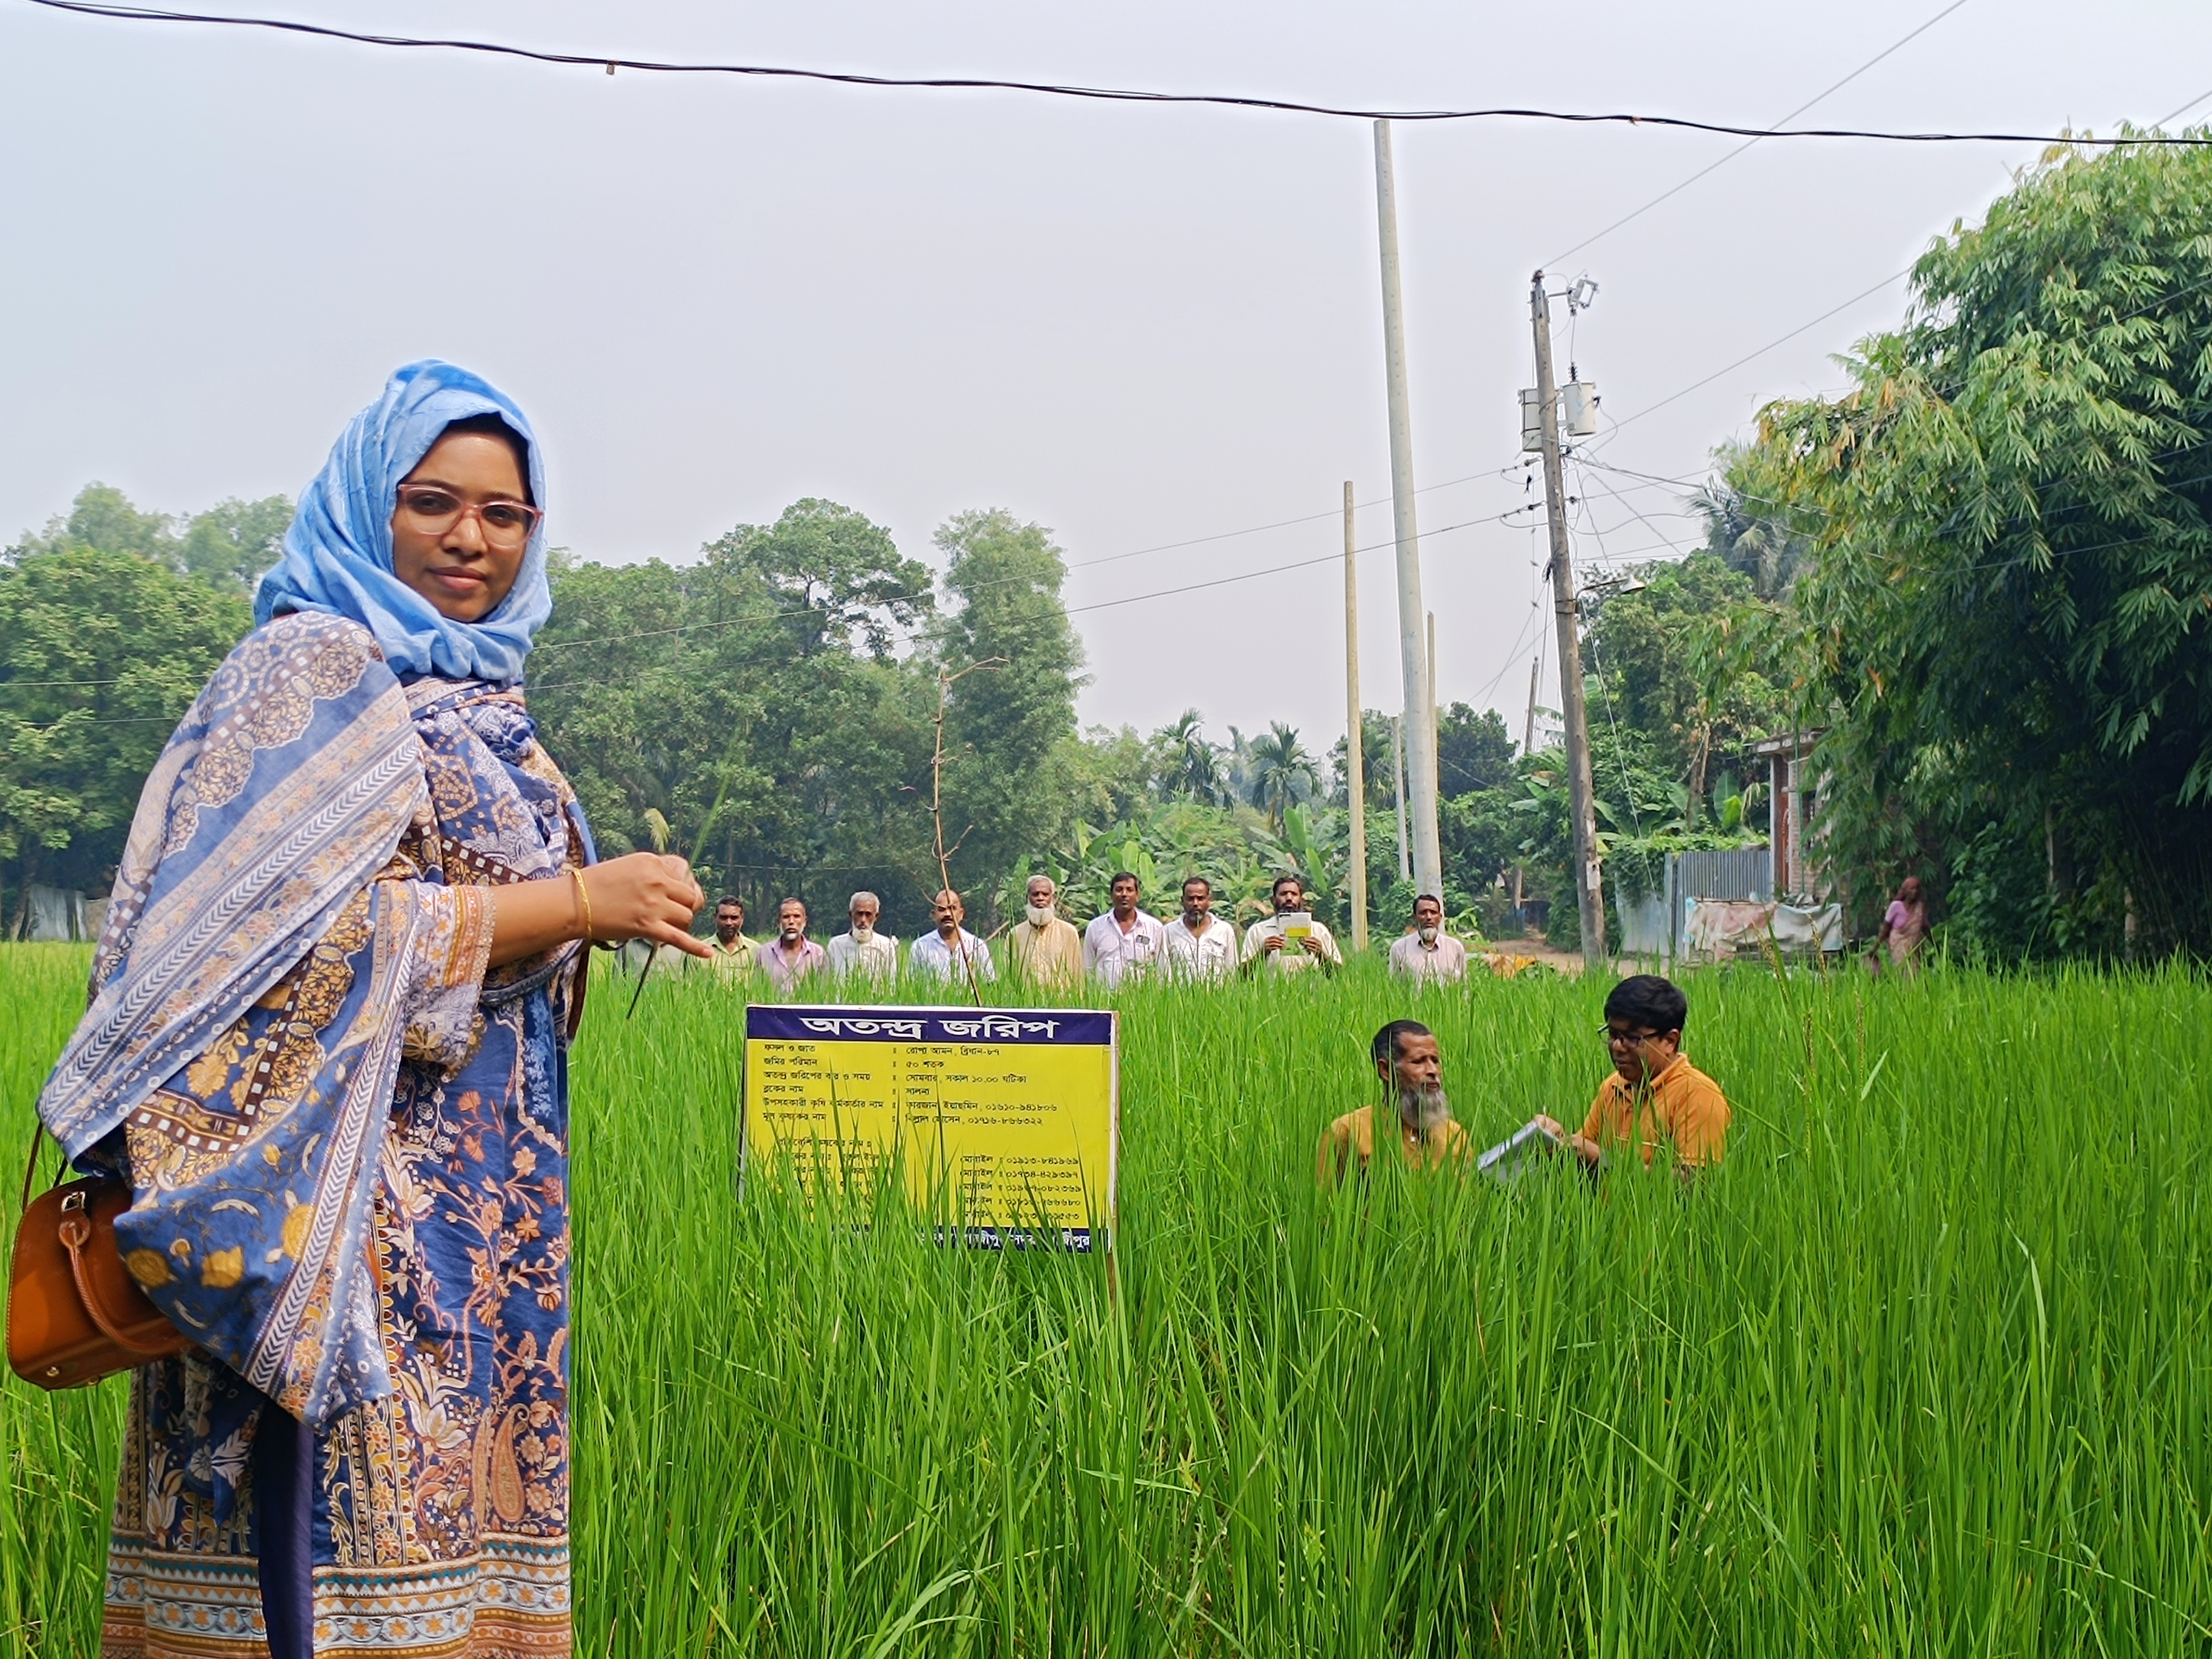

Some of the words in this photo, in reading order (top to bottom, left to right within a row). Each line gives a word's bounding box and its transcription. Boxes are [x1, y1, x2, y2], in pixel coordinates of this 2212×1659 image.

[800, 1018, 928, 1040] অতন্দ্র
[938, 1015, 1060, 1039] জরিপ
[763, 1055, 785, 1065] জমির
[763, 1071, 787, 1079] অতন্দ্র
[790, 1070, 822, 1079] জরিপের
[946, 1075, 968, 1083] সকাল
[1002, 1073, 1027, 1083] ঘটিকা
[763, 1097, 806, 1106] উপসহকারী
[811, 1097, 826, 1110] কৃষি
[906, 1101, 939, 1109] ফারজান
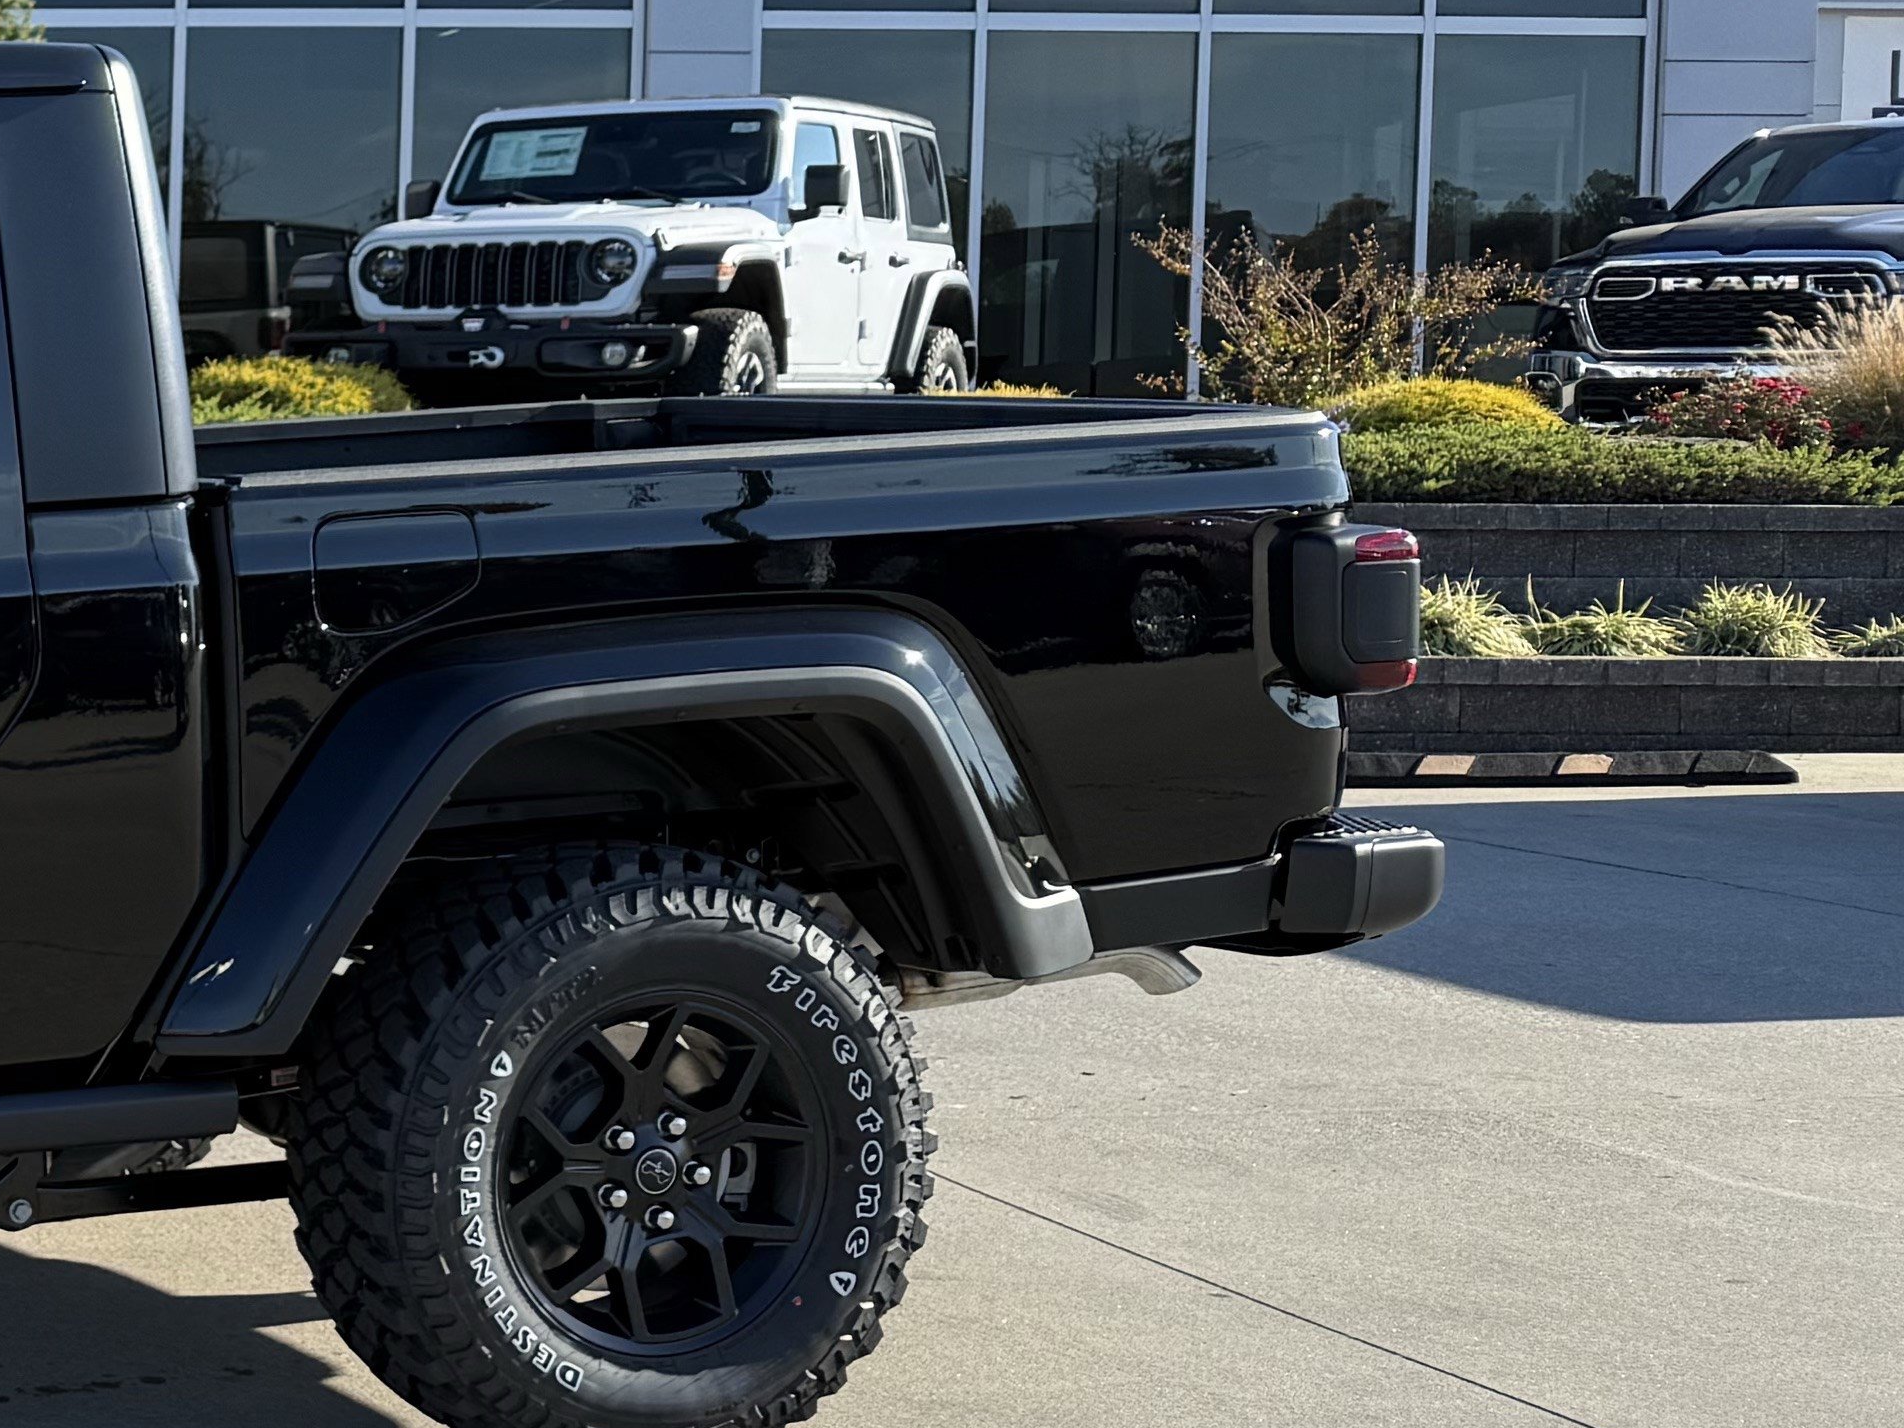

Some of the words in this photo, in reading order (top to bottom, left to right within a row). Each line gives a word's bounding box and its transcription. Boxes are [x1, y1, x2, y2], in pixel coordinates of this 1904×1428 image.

[1657, 275, 1800, 293] RAM
[459, 1091, 584, 1392] DESTINATION
[766, 965, 886, 1261] Firestone
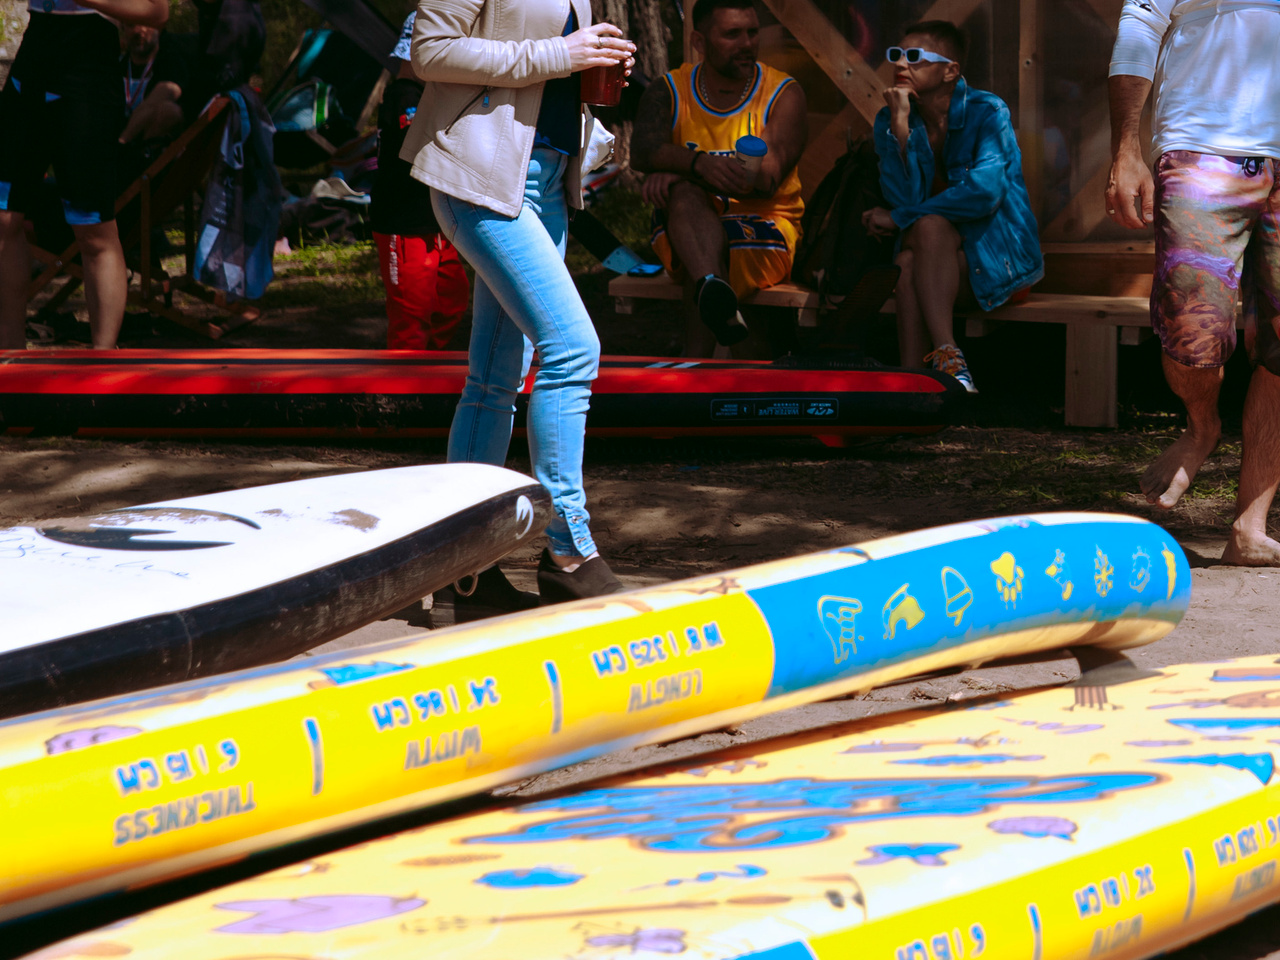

###

== What is required ==
Every record should be duplicated exactly, though any picture in it must be left out.

== Reply ==
Some of the words in this photo, in reading order (top to bottom, left to right within a row). Each line gives a word's bounding box and its transcription. Boxes are [x1, y1, x2, y2], in pixel coordinates of this 2212×1659 image.

[800, 1018, 928, 1040] অতন্দ্র
[938, 1015, 1060, 1039] জরিপ
[763, 1055, 785, 1065] জমির
[763, 1071, 787, 1079] অতন্দ্র
[790, 1070, 822, 1079] জরিপের
[946, 1075, 968, 1083] সকাল
[1002, 1073, 1027, 1083] ঘটিকা
[763, 1097, 806, 1106] উপসহকারী
[811, 1097, 826, 1110] কৃষি
[906, 1101, 939, 1109] ফারজান

Some of the words in this photo, in reading order (top to bottom, left to right within a row). Each line gives a word's bounding box and its transcription. Boxes are [x1, y1, x2, y2], in pixel coordinates of this 1904×1428 image.

[1657, 275, 1800, 293] RAM
[459, 1091, 584, 1392] DESTINATION
[766, 965, 886, 1261] Firestone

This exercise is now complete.